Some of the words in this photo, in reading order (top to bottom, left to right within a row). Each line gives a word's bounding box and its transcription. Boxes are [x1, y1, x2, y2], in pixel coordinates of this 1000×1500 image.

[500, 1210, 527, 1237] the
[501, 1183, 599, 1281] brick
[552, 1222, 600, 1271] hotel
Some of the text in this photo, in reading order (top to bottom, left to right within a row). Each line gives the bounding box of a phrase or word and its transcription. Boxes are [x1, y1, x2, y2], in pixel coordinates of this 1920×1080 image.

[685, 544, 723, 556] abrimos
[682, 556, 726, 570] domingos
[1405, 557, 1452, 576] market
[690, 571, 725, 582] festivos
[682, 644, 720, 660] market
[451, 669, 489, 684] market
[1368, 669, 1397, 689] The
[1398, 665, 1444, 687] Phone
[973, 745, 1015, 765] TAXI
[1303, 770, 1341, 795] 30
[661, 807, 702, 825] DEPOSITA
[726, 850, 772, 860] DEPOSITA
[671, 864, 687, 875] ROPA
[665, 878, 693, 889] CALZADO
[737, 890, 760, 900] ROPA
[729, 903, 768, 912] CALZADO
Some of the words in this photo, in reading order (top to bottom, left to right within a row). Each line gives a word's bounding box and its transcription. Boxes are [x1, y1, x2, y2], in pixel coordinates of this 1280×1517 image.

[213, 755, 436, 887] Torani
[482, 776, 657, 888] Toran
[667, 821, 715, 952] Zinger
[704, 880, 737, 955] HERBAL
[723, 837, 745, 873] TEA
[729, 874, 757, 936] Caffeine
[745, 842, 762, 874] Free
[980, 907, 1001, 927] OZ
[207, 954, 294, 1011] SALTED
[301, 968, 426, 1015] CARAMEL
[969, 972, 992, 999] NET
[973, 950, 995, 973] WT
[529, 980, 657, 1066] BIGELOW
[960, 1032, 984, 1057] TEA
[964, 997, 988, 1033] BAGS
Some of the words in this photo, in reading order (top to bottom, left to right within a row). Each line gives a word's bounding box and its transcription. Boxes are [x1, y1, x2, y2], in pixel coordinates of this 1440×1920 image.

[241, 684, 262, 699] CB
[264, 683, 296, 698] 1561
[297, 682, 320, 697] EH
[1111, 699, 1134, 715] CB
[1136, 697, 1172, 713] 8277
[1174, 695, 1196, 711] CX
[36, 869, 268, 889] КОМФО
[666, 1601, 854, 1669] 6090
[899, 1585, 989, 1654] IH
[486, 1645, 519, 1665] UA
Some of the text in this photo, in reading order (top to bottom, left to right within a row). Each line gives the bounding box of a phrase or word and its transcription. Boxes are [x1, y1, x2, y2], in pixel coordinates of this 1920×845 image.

--- --- ---

What is needed:
Nothing but an exact repetition of the entries is expected here.

Exercise output:
Some of the words in this photo, in reading order (top to bottom, left to right within a row). Each line gives a word's bounding box and its transcription. Boxes are [x1, y1, x2, y2], in pixel coordinates of this 1000×1500 image.

[500, 1210, 527, 1237] the
[501, 1183, 599, 1281] brick
[552, 1222, 600, 1271] hotel
Some of the text in this photo, in reading order (top to bottom, left to right within a row). Each line gives the bounding box of a phrase or word and its transcription. Boxes are [x1, y1, x2, y2], in pixel coordinates of this 1920×1080 image.

[685, 544, 723, 556] abrimos
[682, 556, 726, 570] domingos
[1405, 557, 1452, 576] market
[690, 571, 725, 582] festivos
[682, 644, 720, 660] market
[451, 669, 489, 684] market
[1368, 669, 1397, 689] The
[1398, 665, 1444, 687] Phone
[973, 745, 1015, 765] TAXI
[1303, 770, 1341, 795] 30
[661, 807, 702, 825] DEPOSITA
[726, 850, 772, 860] DEPOSITA
[671, 864, 687, 875] ROPA
[665, 878, 693, 889] CALZADO
[737, 890, 760, 900] ROPA
[729, 903, 768, 912] CALZADO
Some of the words in this photo, in reading order (top to bottom, left to right within a row). Each line gives a word's bounding box and its transcription. Boxes are [x1, y1, x2, y2], in pixel coordinates of this 1280×1517 image.

[213, 755, 436, 887] Torani
[482, 776, 657, 888] Toran
[667, 821, 715, 952] Zinger
[704, 880, 737, 955] HERBAL
[723, 837, 745, 873] TEA
[729, 874, 757, 936] Caffeine
[745, 842, 762, 874] Free
[980, 907, 1001, 927] OZ
[207, 954, 294, 1011] SALTED
[301, 968, 426, 1015] CARAMEL
[969, 972, 992, 999] NET
[973, 950, 995, 973] WT
[529, 980, 657, 1066] BIGELOW
[960, 1032, 984, 1057] TEA
[964, 997, 988, 1033] BAGS
Some of the words in this photo, in reading order (top to bottom, left to right within a row). Each line gives a word's bounding box and its transcription. Boxes are [x1, y1, x2, y2], in pixel coordinates of this 1440×1920 image.

[241, 684, 262, 699] CB
[264, 683, 296, 698] 1561
[297, 682, 320, 697] EH
[1111, 699, 1134, 715] CB
[1136, 697, 1172, 713] 8277
[1174, 695, 1196, 711] CX
[36, 869, 268, 889] КОМФО
[666, 1601, 854, 1669] 6090
[899, 1585, 989, 1654] IH
[486, 1645, 519, 1665] UA
Some of the text in this photo, in reading order (top to bottom, left to right within a row). Each line gives the bounding box of a phrase or word and its transcription. Boxes are [x1, y1, x2, y2], in pixel coordinates of this 1920×845 image.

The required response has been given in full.